WHAT IS EXPECTED:
Retype the listing exactly. Leave out the images.

■ ■ ■ ■ ■

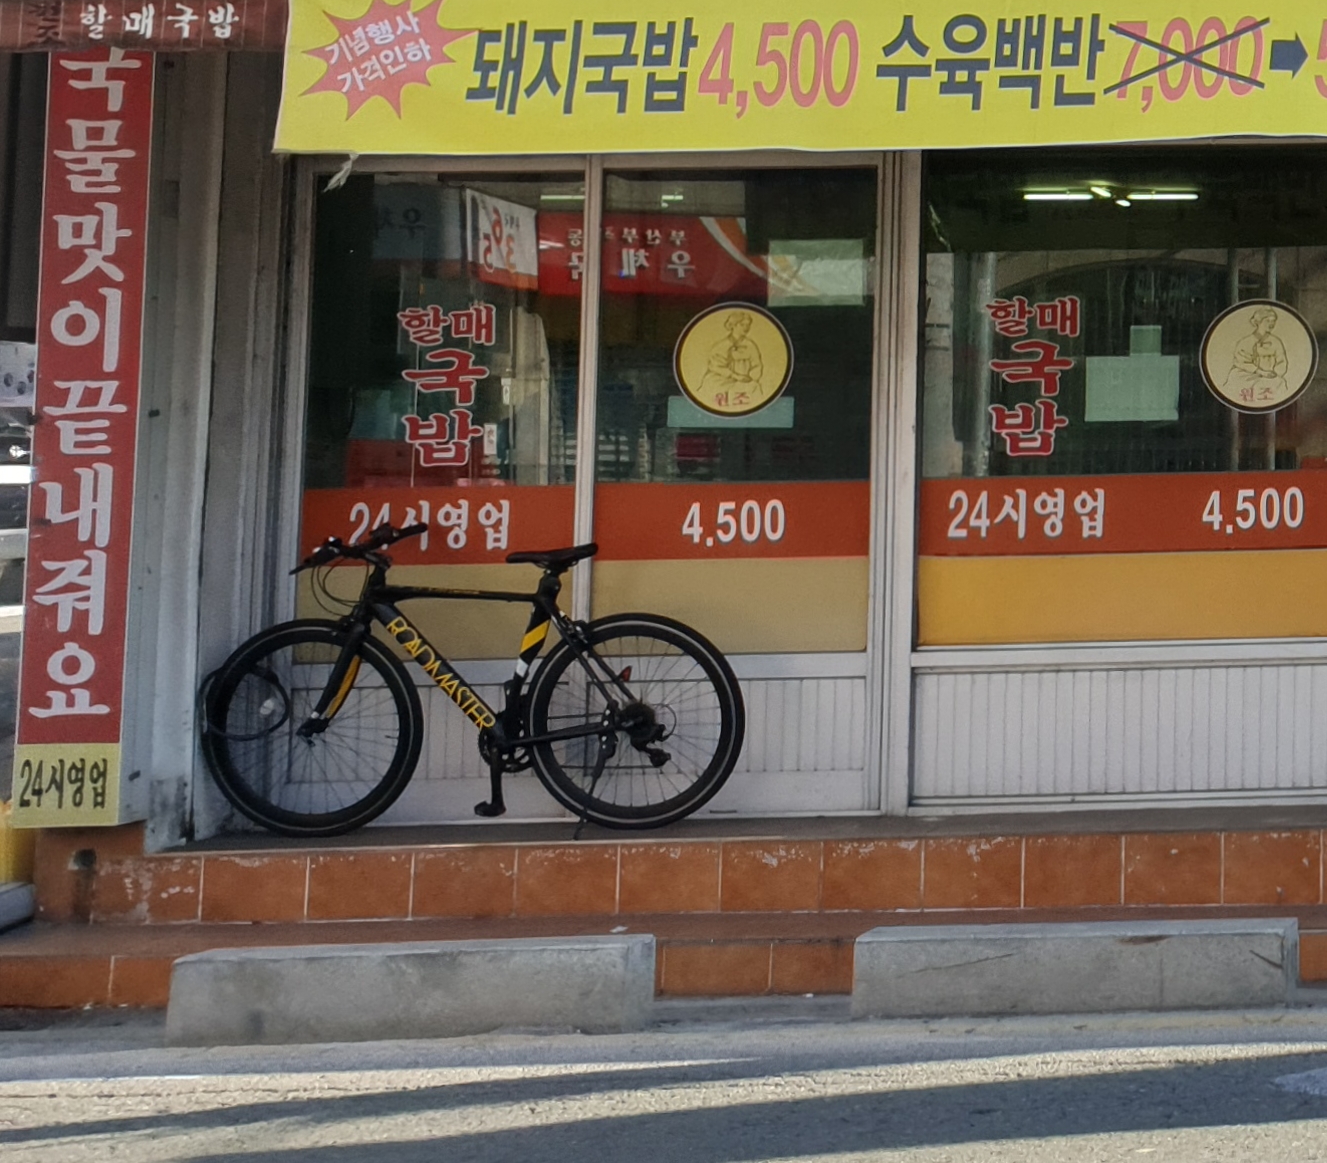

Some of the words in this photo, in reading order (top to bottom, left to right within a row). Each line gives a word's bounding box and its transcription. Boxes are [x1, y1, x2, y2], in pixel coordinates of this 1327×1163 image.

[80, 3, 240, 38] 할매국밥
[325, 10, 421, 66] 기념행사
[337, 37, 433, 95] 가격인하
[465, 16, 699, 115] 돼지국밥
[698, 18, 859, 119] 4,500
[876, 13, 1105, 112] 수육백반
[715, 391, 750, 407] 원조
[946, 487, 1106, 540] 24시영업
[18, 757, 108, 811] 24시영업

■ ■ ■ ■ ■

WRITTEN ANSWER:
Some of the words in this photo, in reading order (top to bottom, left to right within a row). Each line gives a word's bounding box and its transcription. Boxes are [x1, y1, x2, y2], in pixel coordinates of this 1327×1163 image.

[80, 3, 240, 38] 할매국밥
[325, 10, 421, 66] 기념행사
[337, 37, 433, 95] 가격인하
[465, 16, 699, 115] 돼지국밥
[698, 18, 859, 119] 4,500
[876, 13, 1105, 112] 수육백반
[715, 391, 750, 407] 원조
[946, 487, 1106, 540] 24시영업
[18, 757, 108, 811] 24시영업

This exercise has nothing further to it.